Monday 23 January 2017

The Midnight Gang


I'm always pleased to see a new Walliams' title hit the bookstores. The Midnight Gang came out in late 2016, and I've just got to it now. I'd just spent three weeks reading Ballet Shoes (see my review) and as a consequence I was already one book behind on my Goodreads Challenge for the year, so that I knew I needed a lightning fast read. The Midnight Gang it was. Although it's getting harder to blitz through Walliams books- they are indeed getting longer each year. The Midnight Gang is a chunky 478 pages. 

The Midnight Gang is set in the Children's Ward of Lord Funt Hospital in London. Naturally it is no cozy, mural painted kids ward. The Children's Ward of Lord Funt Hospital is on the 44th floor of the building, right at the very top, and it is presided over by a mean, callous, child-hating Matron. Naturally it is peopled with great characters, like Raj the Newsagent, and Nurse Meese.


A large older lady in a blur-and-white uniform with a hat leaned over and examined the boy's head. Dark circles framed her bloodshot eyes. Grey wiry hair squatted on her head.

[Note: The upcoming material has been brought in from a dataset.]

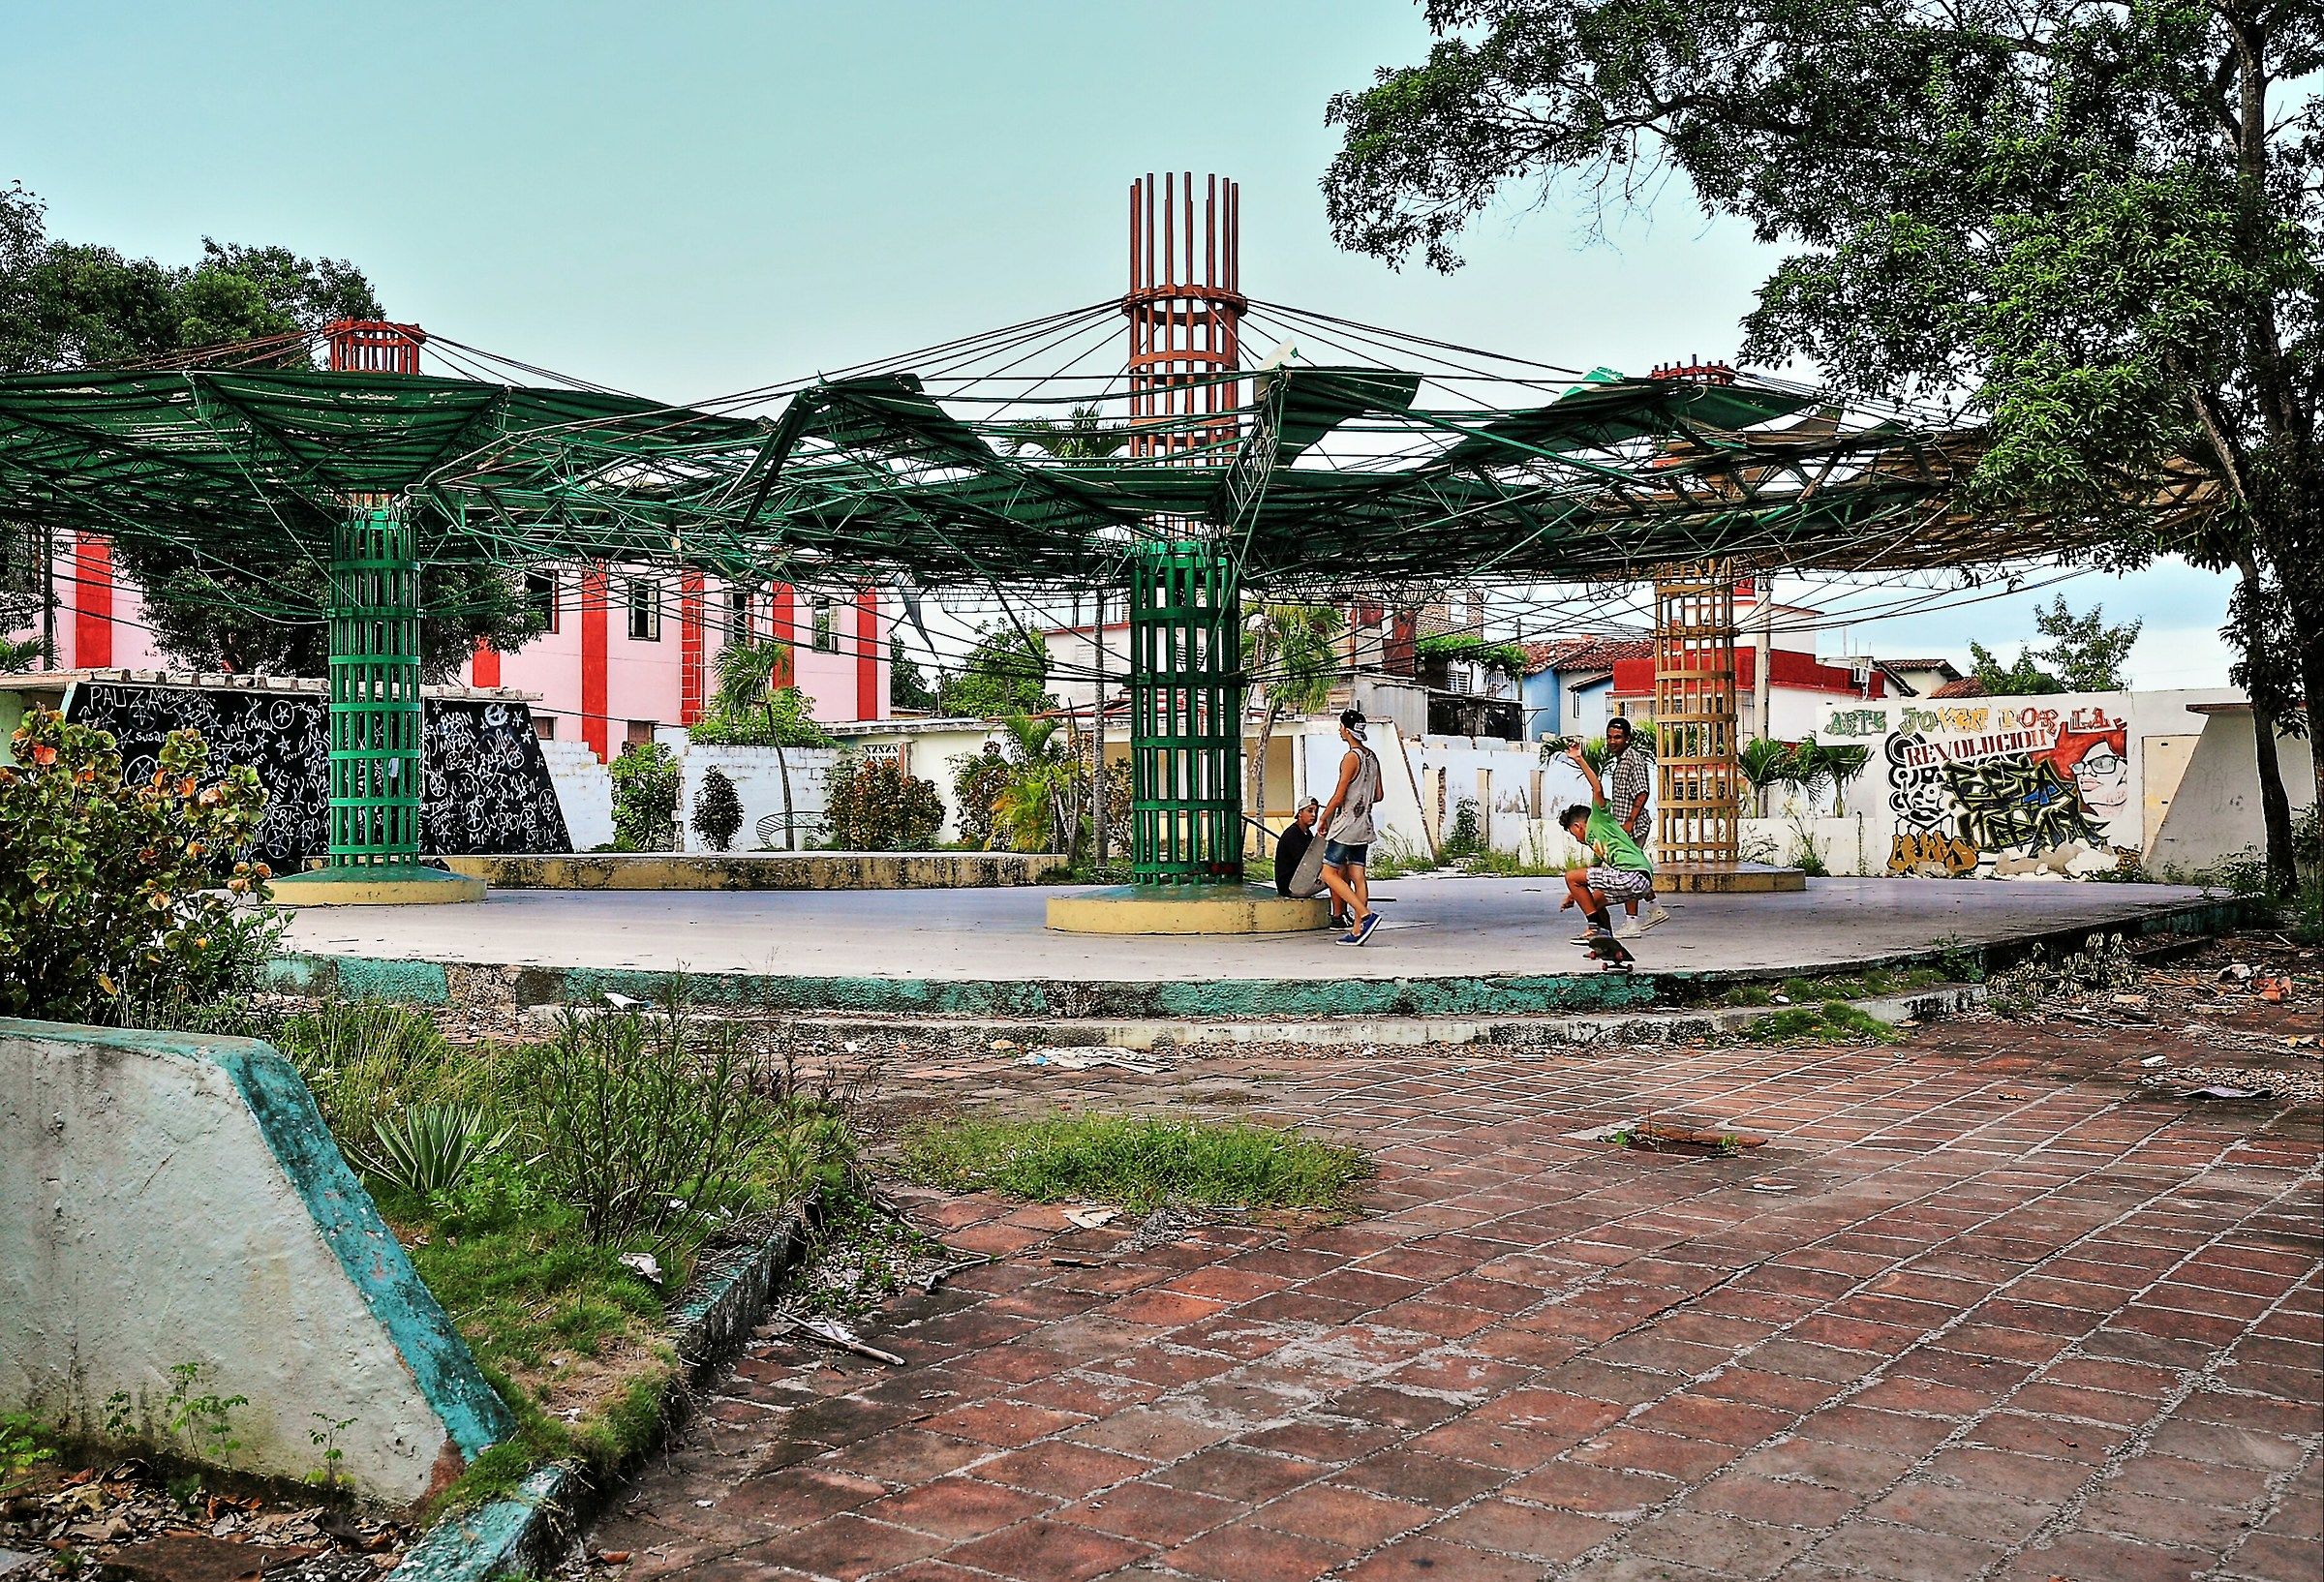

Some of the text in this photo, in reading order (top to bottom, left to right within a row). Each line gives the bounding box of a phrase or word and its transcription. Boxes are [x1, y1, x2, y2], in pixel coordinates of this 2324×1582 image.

[90, 685, 163, 712] PAUZA
[1823, 710, 1887, 738] ARTE
[1999, 707, 2059, 737] POR
[1906, 728, 2048, 768] REVOLUCION

Her face was red raw, as if she had scrubbed it with a cheese grater.

Tom Charper has just been admitted to the Children's Ward of Lord Funt Hospital after a tragic cricket accident. He has been hit on the head by the ball, concussed, and left with rather a large bump.  Tom is a lonely boy at his boarding school. His parents never contact him, and he is on the outer with the kids. Not in the rugby team, not in the cool gang of kids, but he finds firm friends in the other children in the ward.

Each night at midnight the children leave their beds for a series of adventures in the nooks and crannies of the hospital. Naturally Tom wants to join them in their exploits. Like all of David Walliams books there is a beautiful heart at the centre of The Midnight Gang. Readers learn that they shouldn't judge someone by their looks and that 


"life is precious. Every moment is precious. We should be kind to each other. While there is still time."

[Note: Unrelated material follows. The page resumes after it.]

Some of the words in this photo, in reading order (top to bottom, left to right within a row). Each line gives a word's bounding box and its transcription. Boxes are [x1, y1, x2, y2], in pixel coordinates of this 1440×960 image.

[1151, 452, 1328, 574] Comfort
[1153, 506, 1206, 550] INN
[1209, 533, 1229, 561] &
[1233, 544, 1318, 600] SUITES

I just love that David Walliams did publicity for the book in his pyjamas!



Fascinating to see that David Walliams based Porter on one of his favourite childhood characters, The Hunchback of Notre Dame. It's obvious when you know. 

3 comments:

Marg said...

478 is a bit of a chunkster!!

Deb Nance at Readerbuzz said...

I wish more of his work were available over here.

Louise said...

It is indeed Marg.

It's surprising it's not widely available Deb- it's everywhere here. Every bookstore, every Big W or Kmart has a whole row of his books. It's impossible to miss them here.